## Problem:
Every line of the listing must be reproduced as it stands. Leave the images behind.
= Beginning of Section =
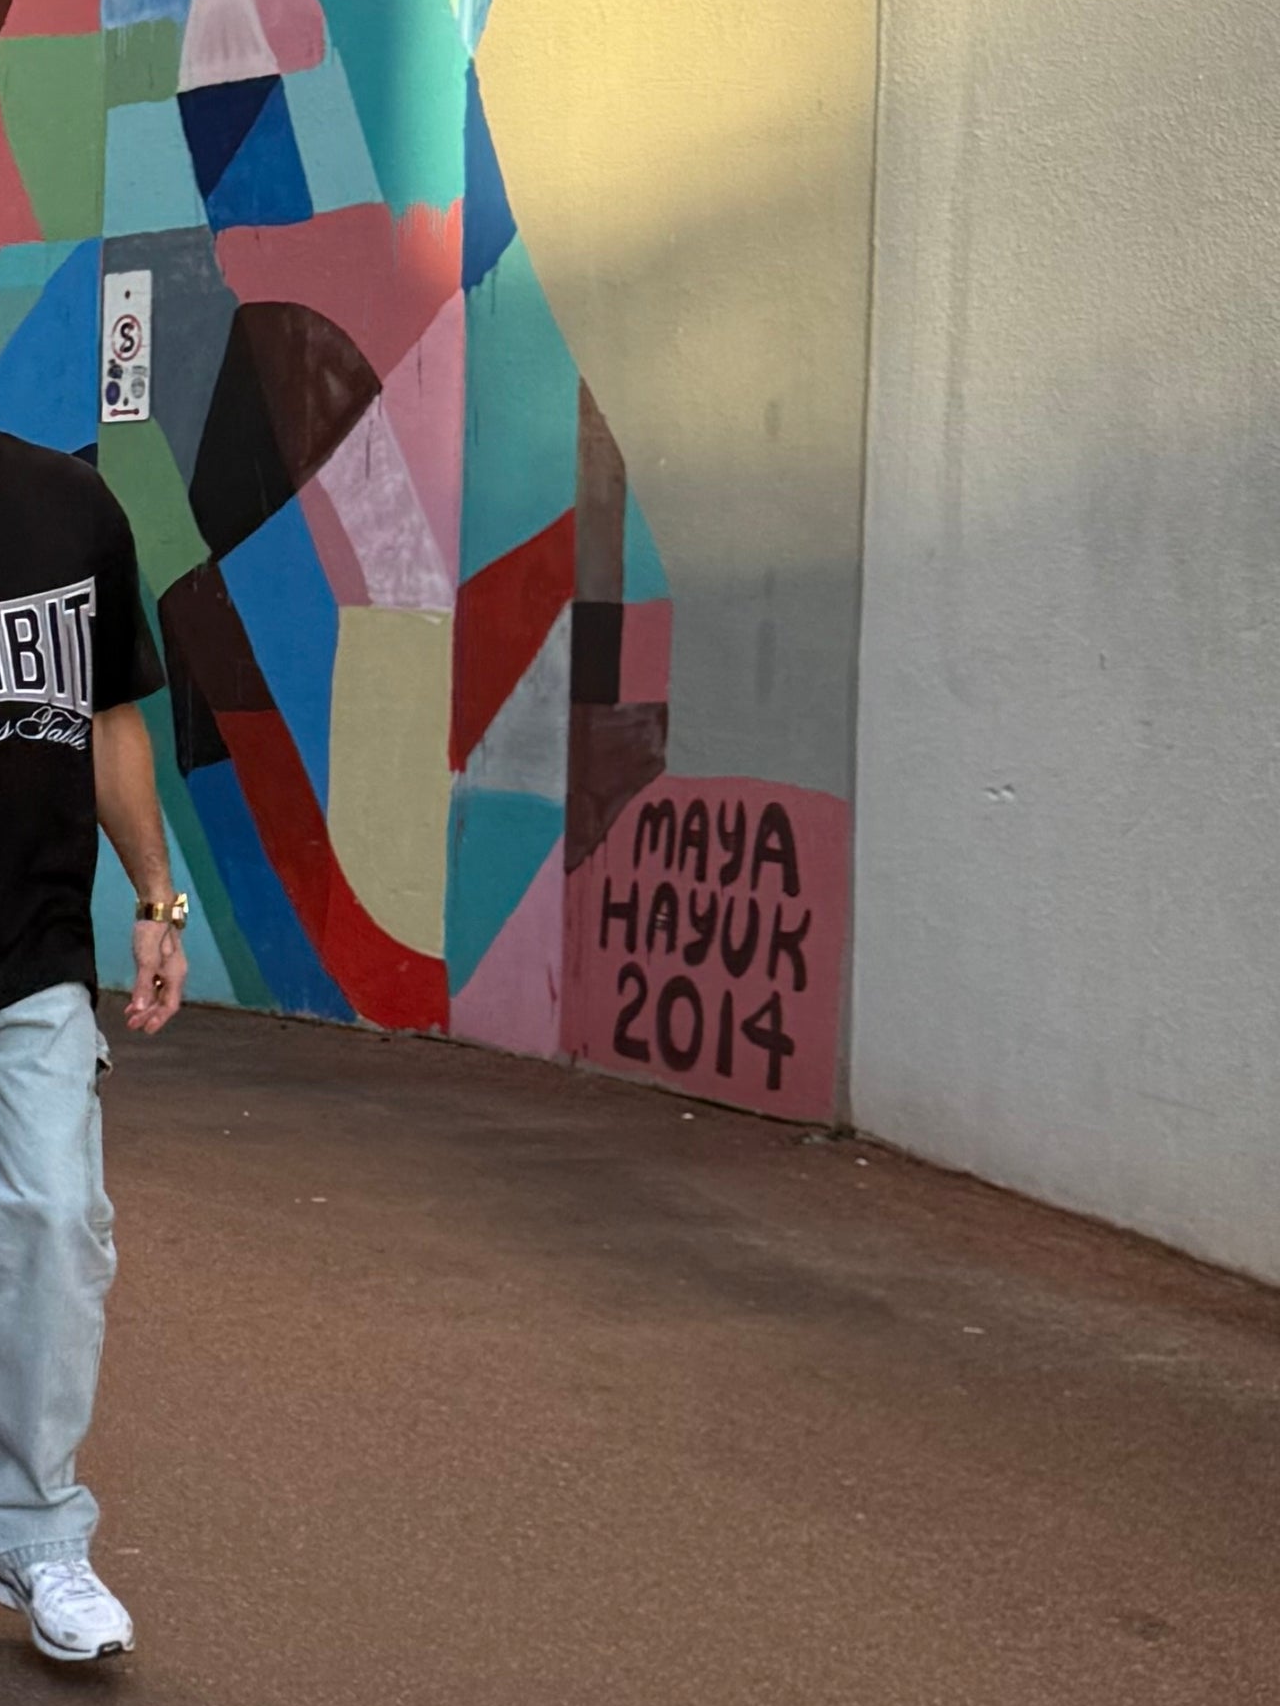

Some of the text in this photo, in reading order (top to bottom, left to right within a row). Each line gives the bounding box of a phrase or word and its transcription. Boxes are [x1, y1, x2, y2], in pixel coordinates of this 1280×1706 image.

[120, 321, 135, 354] S
[15, 705, 90, 751] Table
[633, 797, 801, 898] MAYA
[598, 876, 812, 993] HAYUK
[612, 960, 796, 1091] 2014
= End of Section =
## Exercise solution:
Some of the text in this photo, in reading order (top to bottom, left to right within a row). Each line gives the bounding box of a phrase or word and its transcription. Boxes are [x1, y1, x2, y2], in pixel coordinates of this 1280×1706 image.

[120, 321, 135, 354] S
[15, 705, 90, 751] Table
[633, 797, 801, 898] MAYA
[598, 876, 812, 993] HAYUK
[612, 960, 796, 1091] 2014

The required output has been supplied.